July 6, 2002
MEDIA CONTACT: Trent Stockton
Hepatitis C Infection Does Not Alter HIV Progression or Treatment
Editors' Note: Richard Chaisson, M.D., professor of medicine in the division of infectious diseases at Hopkins, presented these findings at a July 6 press conference in conjunction with the XIV International AIDS Conference in Barcelona, Spain.
Resolving conflicting reports about the effect of hepatitis C virus infection on the progression of HIV disease, a Hopkins study of nearly 2,000 HIV patients shows that hepatitis C does not increase risk of death, accelerate the development of AIDS, or curb the value of antiretroviral HIV therapy.
Historically, and for unknown reasons, patients with hepatitis C are less likely to receive so-called highly active antiretroviral therapy, or HAART, than are those without hepatitis C, according to the report published in the July 10 issue of The Journal of the American Medical Association (JAMA), a theme issue on HIV/AIDS. Patients with both hepatitis C and HIV infections experience relatively high rates of AIDS and death. In the Hopkins study, these patients did just as well on HAART as patients with HIV alone.
"Among patients prescribed HAART, we found no evidence that hepatitis C virus infection substantially alters the virologic or immunologic response to potent antiretroviral therapy. Hepatitis C virus infection should not be a barrier to aggressive antiretroviral therapy in HIV patients," said lead author Mark Sulkowski, M.D., assistant professor of medicine in the division of infectious diseases, and medical director of the Center for Viral Hepatitis at Hopkins.
Scientists have known for some time that HIV can make hepatitis C worse and increase the progression of hepatitis C-related liver disease, but the verdict was out on how, and to what degree, hepatitis C affects HIV. In the United States and Europe, an estimated 16 percent to 30 percent of those with HIV also have hepatitis C due to shared methods of transmission, such as injection drug use. In Baltimore and other major cities, these numbers can be as high as 50 percent or more.

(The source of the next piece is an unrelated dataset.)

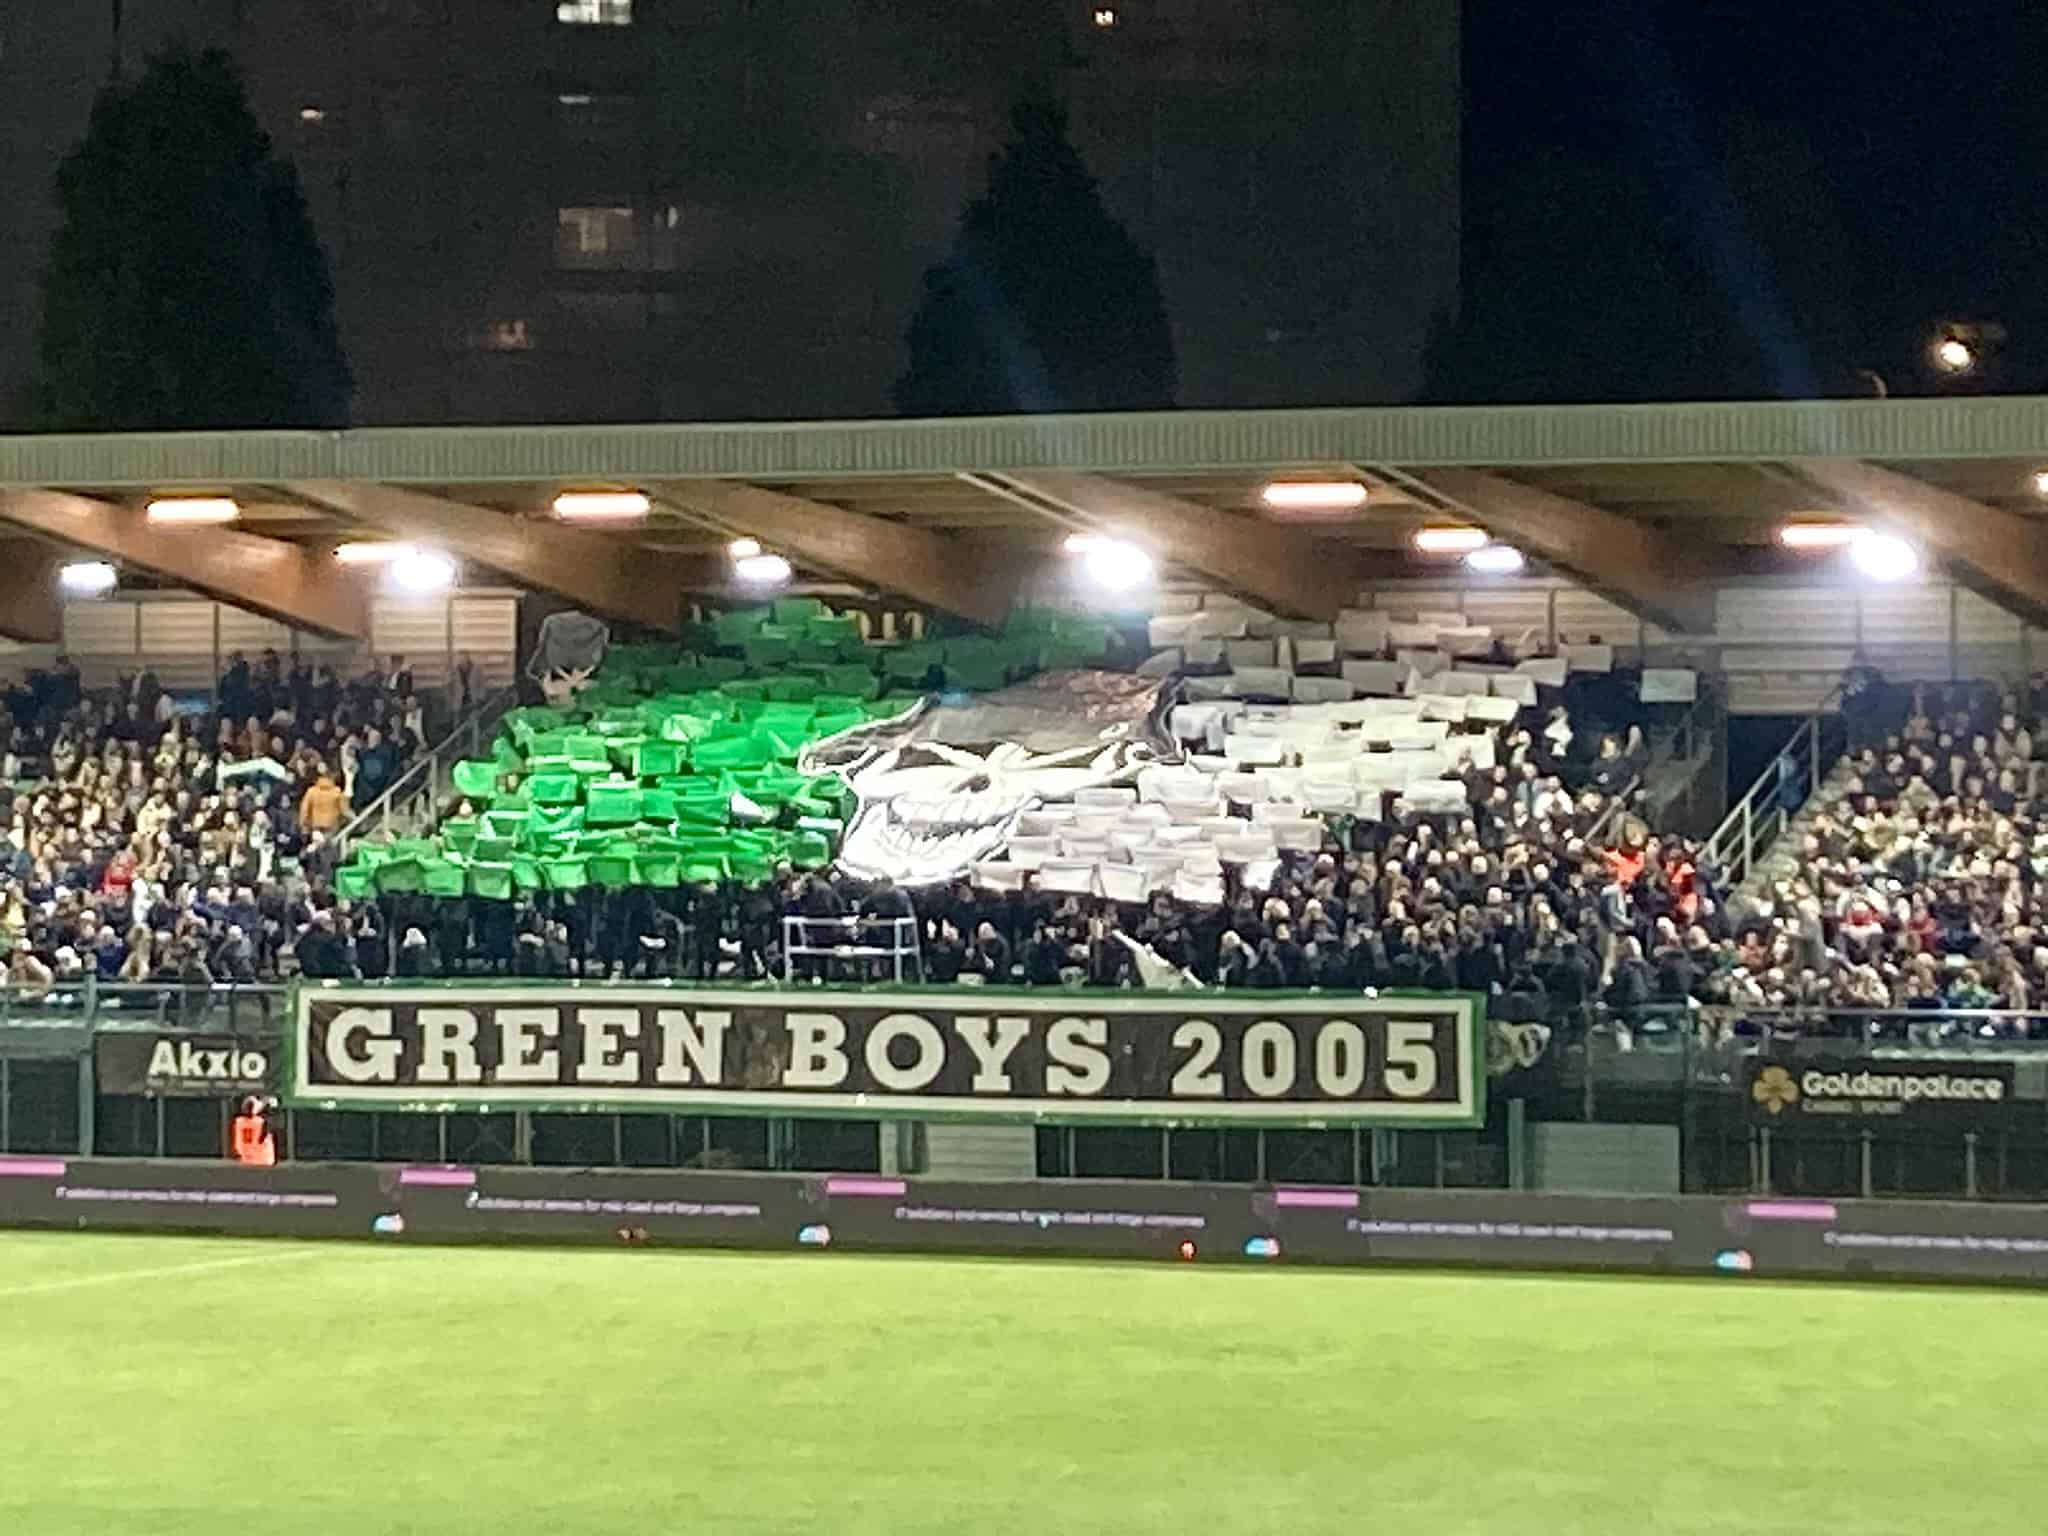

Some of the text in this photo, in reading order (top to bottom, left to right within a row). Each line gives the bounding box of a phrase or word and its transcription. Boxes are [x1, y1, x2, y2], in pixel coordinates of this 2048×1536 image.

[325, 1007, 1437, 1097] GREEN BOYS 2005
[1801, 1070, 2004, 1101] Goldenpalace

The Hopkins study included 1,995 patients enrolled between January 1995 and January 2001 at the Moore HIV Clinic of The Johns Hopkins Hospital. All were HIV positive but did not have AIDS when they entered the study, and 45 percent also had hepatitis C infection. Clinic visits and laboratory evaluations were performed at regular intervals. Patients given HAART were seen four weeks after starting treatment, and then every 12 weeks for at least two years. CD4 cell count, used to measure the strength of the immune system, was monitored at 1-year, 2-years, and 3-years following the initiation of therapy.
The researchers could not find any increased risk of the development of AIDS, death, or CD4 cell count decline among those with both HIV and hepatitis C infection, compared with those with HIV alone, according to the study.
"Our findings highlight the importance of delivering effective HIV care to patients with hepatitis C," said Sulkowski.
Other authors of the study are Richard Moore, M.D., Shruti Mehta, Ph.D., M.P.H., and David Thomas, M.D., all from Hopkins. The study was supported by grants from the National Institute on Drug Abuse and the National Institute on Allergy and Infectious Disease.